== EXERCISE GOAL ==
When you write out the listing, keep every character and omit the pictures.

== RECORDS TO USE ==

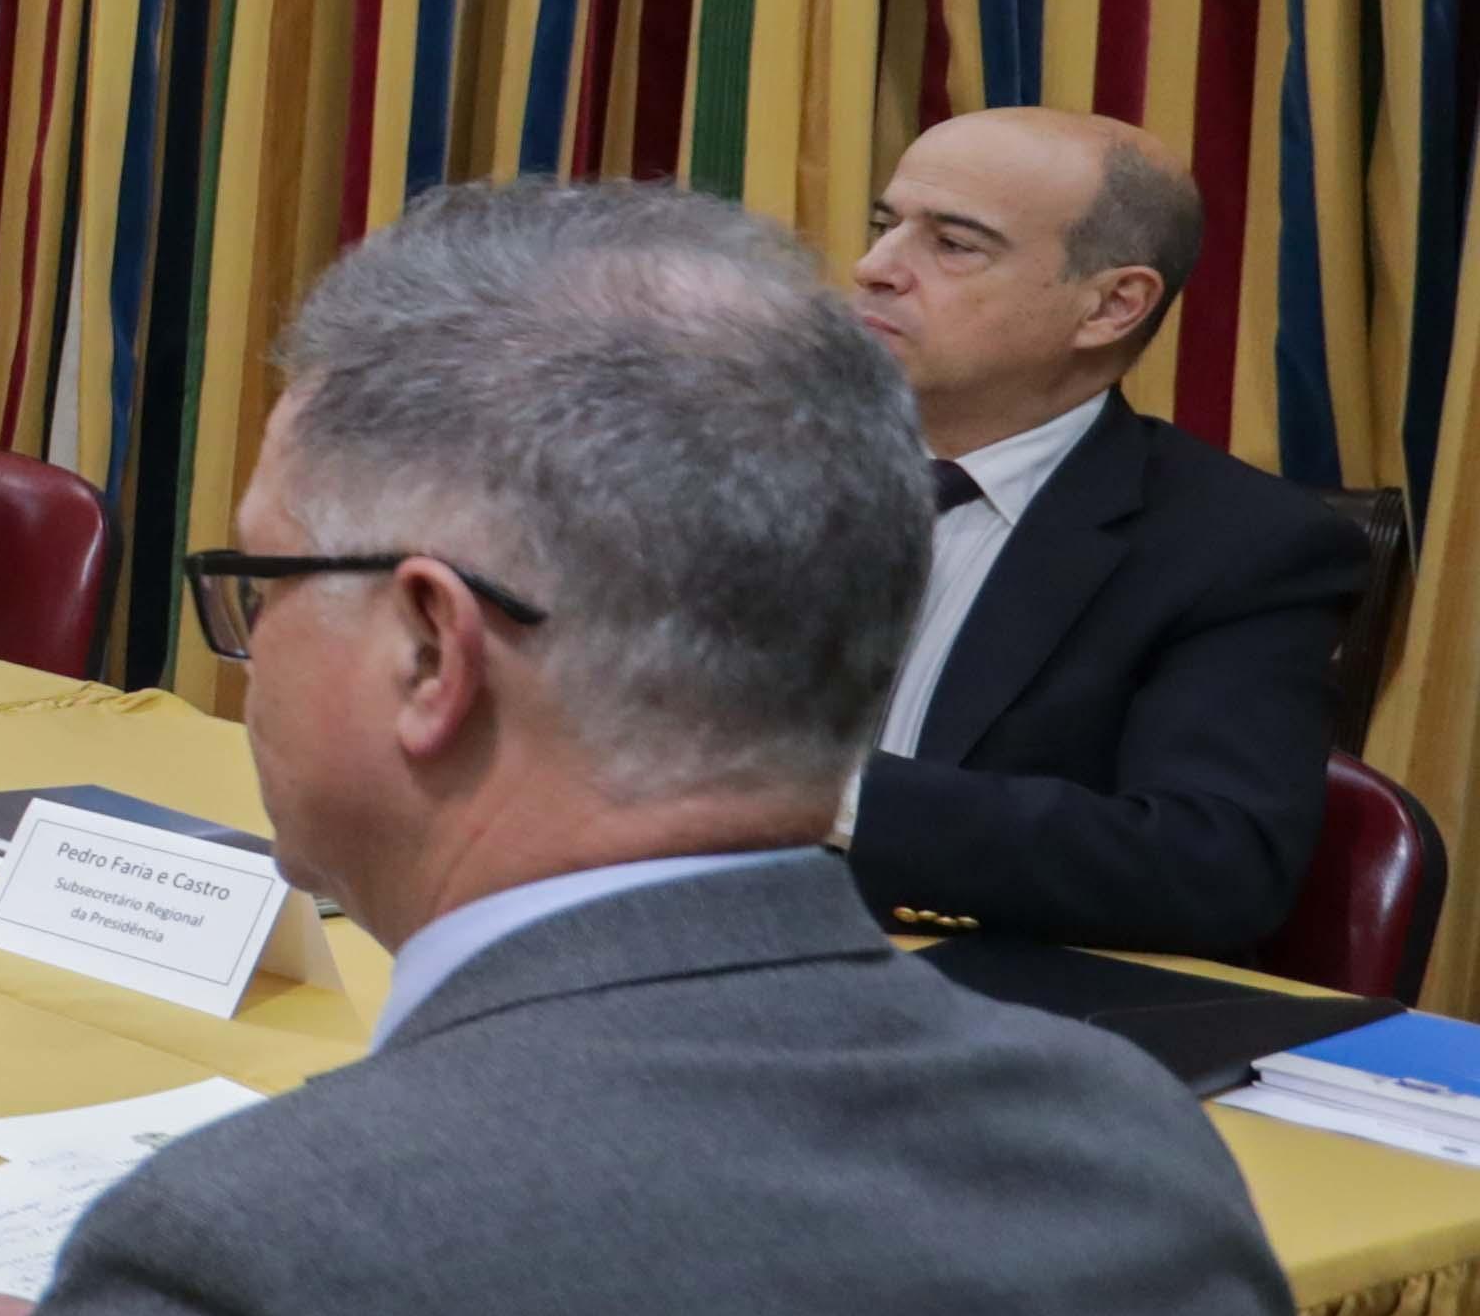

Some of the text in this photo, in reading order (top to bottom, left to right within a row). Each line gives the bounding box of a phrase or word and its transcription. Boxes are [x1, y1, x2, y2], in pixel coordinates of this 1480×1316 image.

[57, 841, 230, 901] Pedro Faria e Castro
[55, 876, 205, 927] Subsecretário Regional
[71, 907, 164, 943] da Presidência
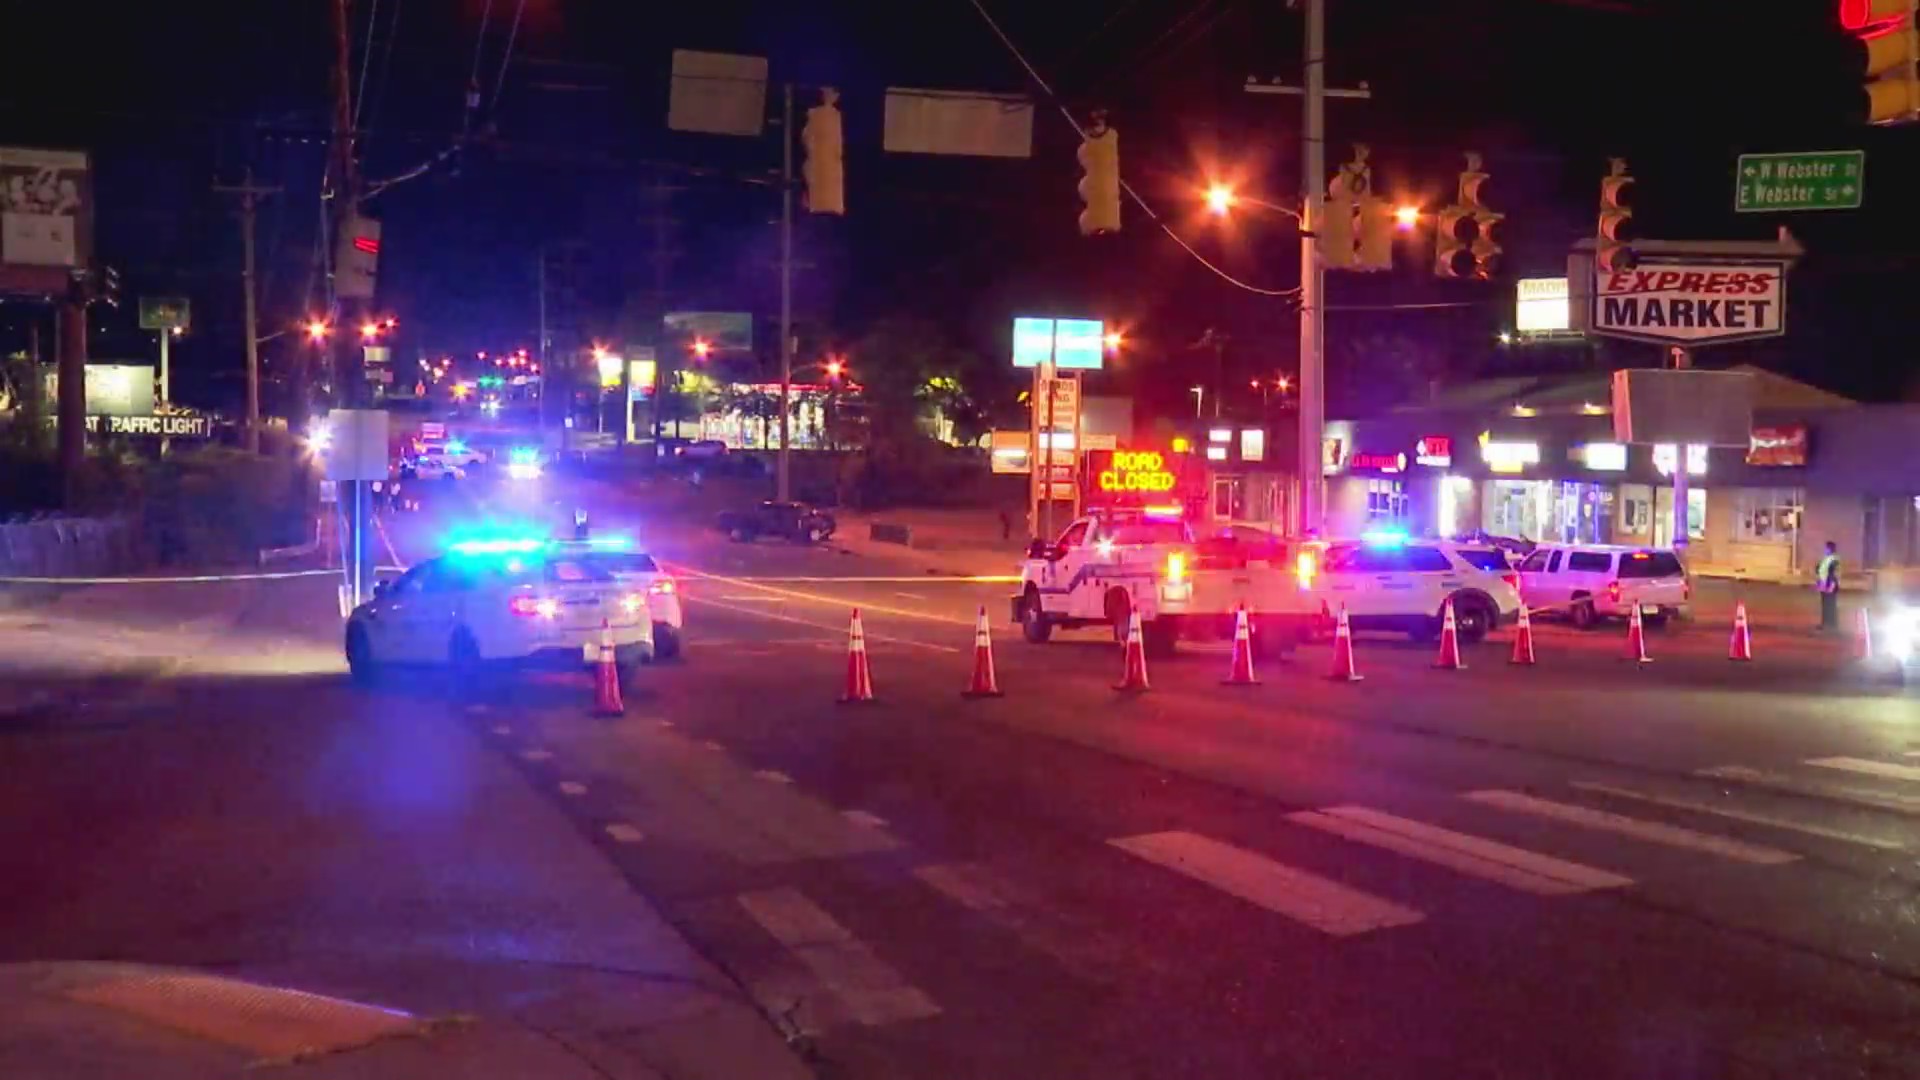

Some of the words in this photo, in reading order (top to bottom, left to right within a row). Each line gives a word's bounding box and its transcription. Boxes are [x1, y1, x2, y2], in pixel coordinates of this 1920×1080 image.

[1778, 163, 1836, 178] Webster
[1741, 185, 1749, 203] E
[1755, 184, 1815, 203] Webster
[1608, 270, 1773, 295] EXPRESS
[1604, 298, 1771, 328] MARKET
[163, 418, 204, 434] LIGHT
[1113, 451, 1162, 470] ROAD
[1100, 471, 1174, 490] CLOSED
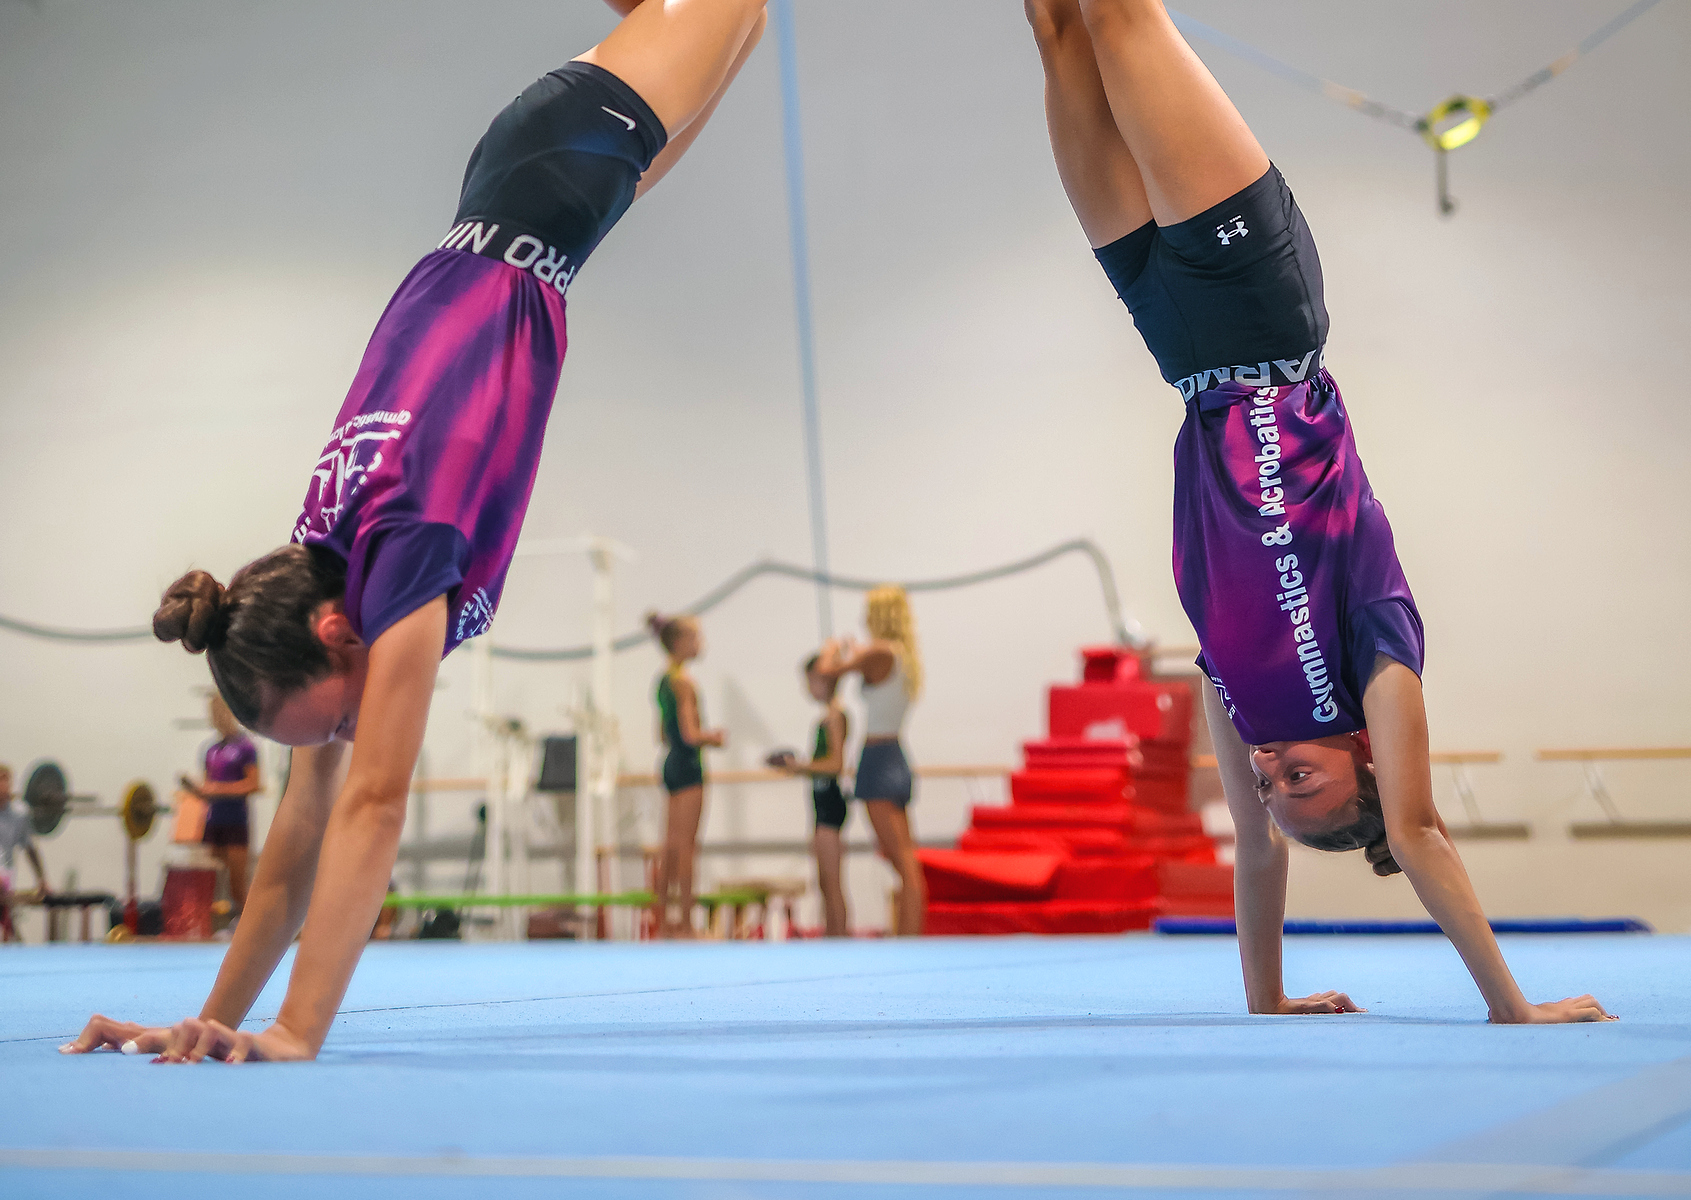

== TASK ANSWER ==
Some of the text in this photo, in reading order (top to bottom, left to right within a row). Each line gives the bounding box of a phrase or word and its transcription. Boxes are [x1, y1, x2, y2], in pixel coordinates of this 1480×1316 image.

[57, 841, 230, 901] Pedro Faria e Castro
[55, 876, 205, 927] Subsecretário Regional
[71, 907, 164, 943] da Presidência

Some of the words in this photo, in reading order (top to bottom, left to right within a row). Each line gives a word's bounding box and its transcription. Boxes are [x1, y1, x2, y2], in pixel coordinates of this 1920×1080 image.

[1778, 163, 1836, 178] Webster
[1741, 185, 1749, 203] E
[1755, 184, 1815, 203] Webster
[1608, 270, 1773, 295] EXPRESS
[1604, 298, 1771, 328] MARKET
[163, 418, 204, 434] LIGHT
[1113, 451, 1162, 470] ROAD
[1100, 471, 1174, 490] CLOSED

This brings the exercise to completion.